Inspektur Pendidikan JA van der Chijs mengunjungi sekolah pamon di Tondano (lihat De locomotief: Samarangsch handels- en advertentie-blad, 21-02-1868). Disebutkan van der Chijs akan melakukan penilaian terhadap sekolah baru ini. Dalam kunjungan ini diperoleh keterangan bahwa sekolah-sekolah komunitas yang berada di bawah pengawasan misionaris meminta untuk diambil alih oleh pemerintah. Sekolah pamong di Tondano van der Hoek dibantu oleh guru kedua L Mangindaan.


Sekolah guru, sekolah kedokteran dan dalam hal ini sekolah pamong adalah sekolah menengah dimana siswa yang diterima adalah lulusan sekolah dasar pribumi. Dalam system pendidikan, pendidikan di Belanda terhubung dengan pendidikan di Hindia Belanda (orang Eropa/Belanda) dan pendidikan pribumi. Sekolah menengah adalah lembaga pendidikan yang secara langsung terhubung dengan peradaban Belanda. Bahasa Belanda baru diajarkan dengan intens bahasa Belanda. Dalam hal ini di sekolah pamong mulai ditanamkan ilmu-ilmu barat, pelajaran mata pelajaran Barat ke dalam (calon) pemimpin pribumi (Indisch Hoofden).
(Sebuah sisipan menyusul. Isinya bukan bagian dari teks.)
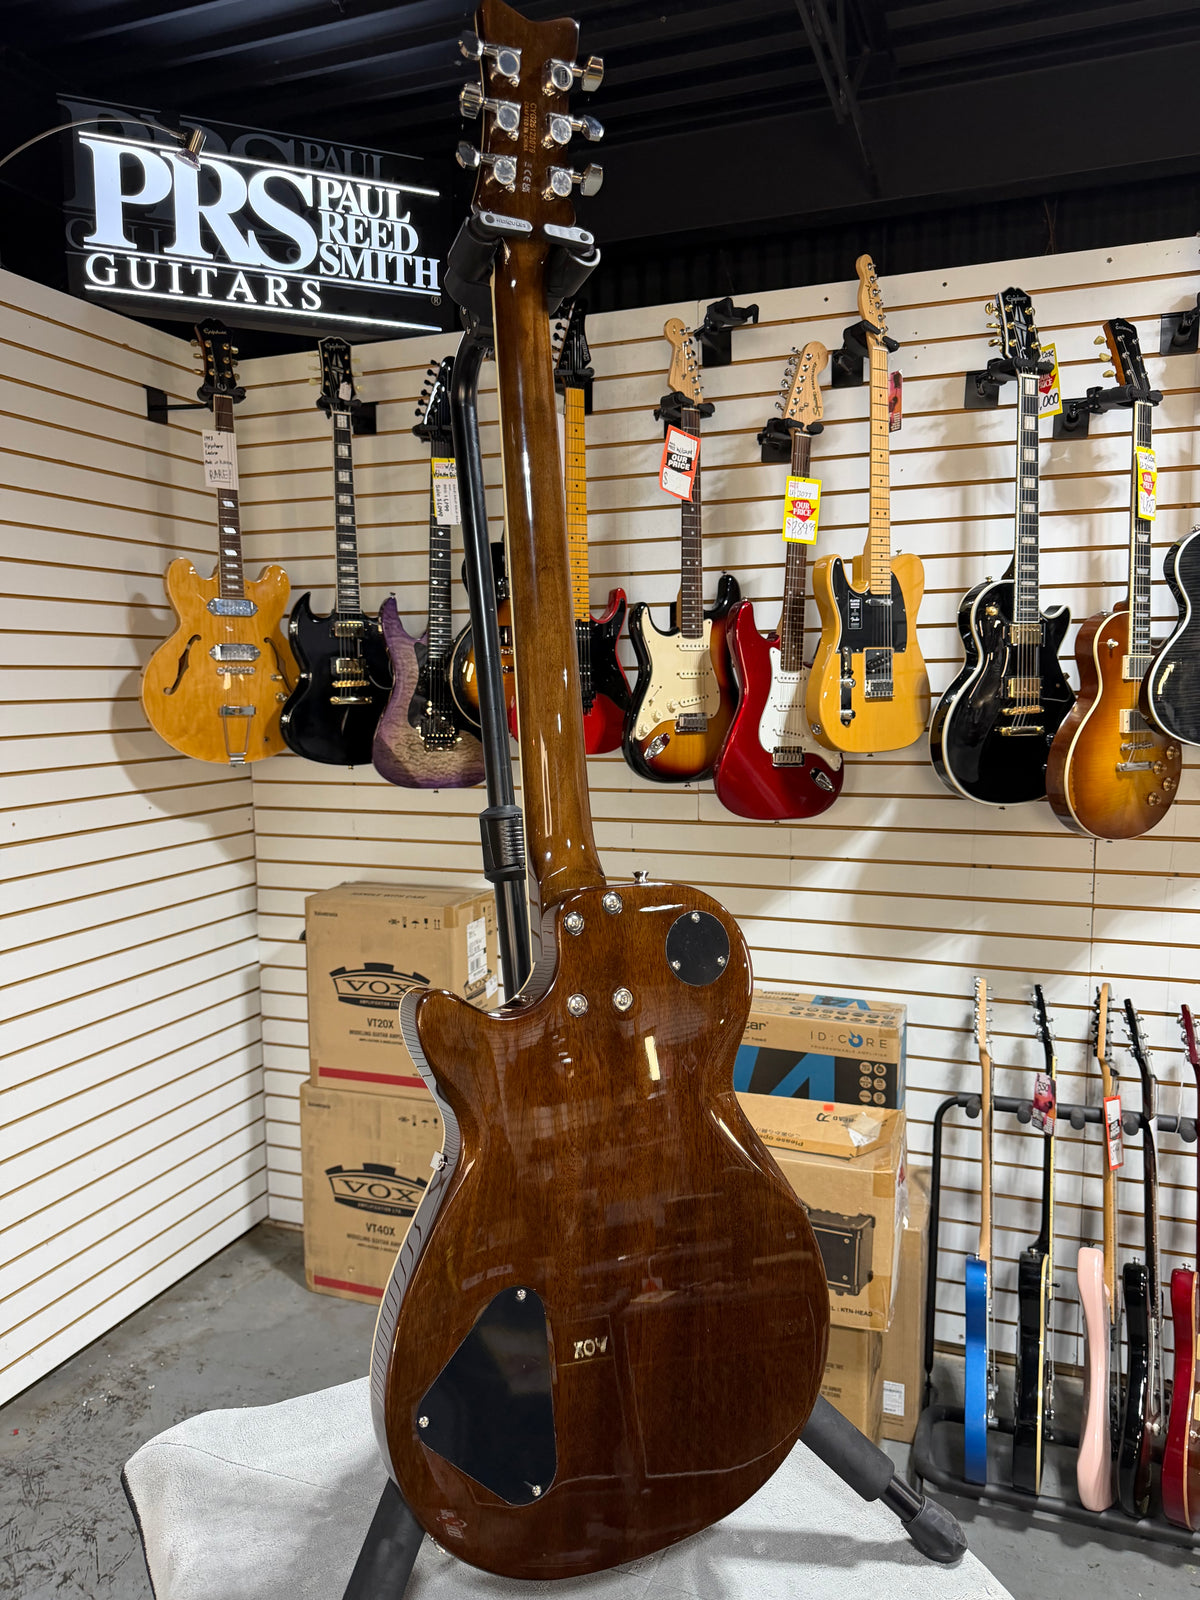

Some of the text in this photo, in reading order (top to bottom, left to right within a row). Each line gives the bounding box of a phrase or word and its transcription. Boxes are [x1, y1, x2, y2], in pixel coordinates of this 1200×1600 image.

Tunggu deskripsi lengkapnya

MOSVIA: Dari Hoofden School hingga IPDN

Sekolah pamong di Tondano sejati inisiatif di daerah oleh Resident. Berbeda dengan di wilayah lain, residen/asisten residen lebih membutuhkan sekolah guru seperti di Padangsche, Angkola Mandailing (Tapanoeli) dan Bandoeng (Preanger). Sekolah guru di Soerakarta adalah inisiatif pemerintah. Boleh jadi karena di Minahasa (residentie Manado) sudah banyak sekolah-sekolah komunitas di bawah pengawasan misionaris, sekolah pamong dianggap lebih diperlukan.


Namun dalam perkembangannya, persoalan muncul, kecilnya subsidi pemerintah, diantara resident dan penduduk muncul polemic karena kenaikan uang sekolah dan soal tempat tinggal (di asrama atau di luar). Sementara itu, permintaan agar sekolah komunitas diambil pemerintah terus menguat. Sebab, pemerintah pusat dari waktu ke waktu mendirikan sekolah dasar pemerintah di Jawa dan Sumatra. Kualitas lulusan sekolah dasar di Minahasa menjadi jauh tertinggal. Juga sekolah guru di Amboina (yang didirikan misionaris, yang juga memasok guru-guru di residentie Manado) dianggap tidak memenuhi syarat sebagai sekolah guru.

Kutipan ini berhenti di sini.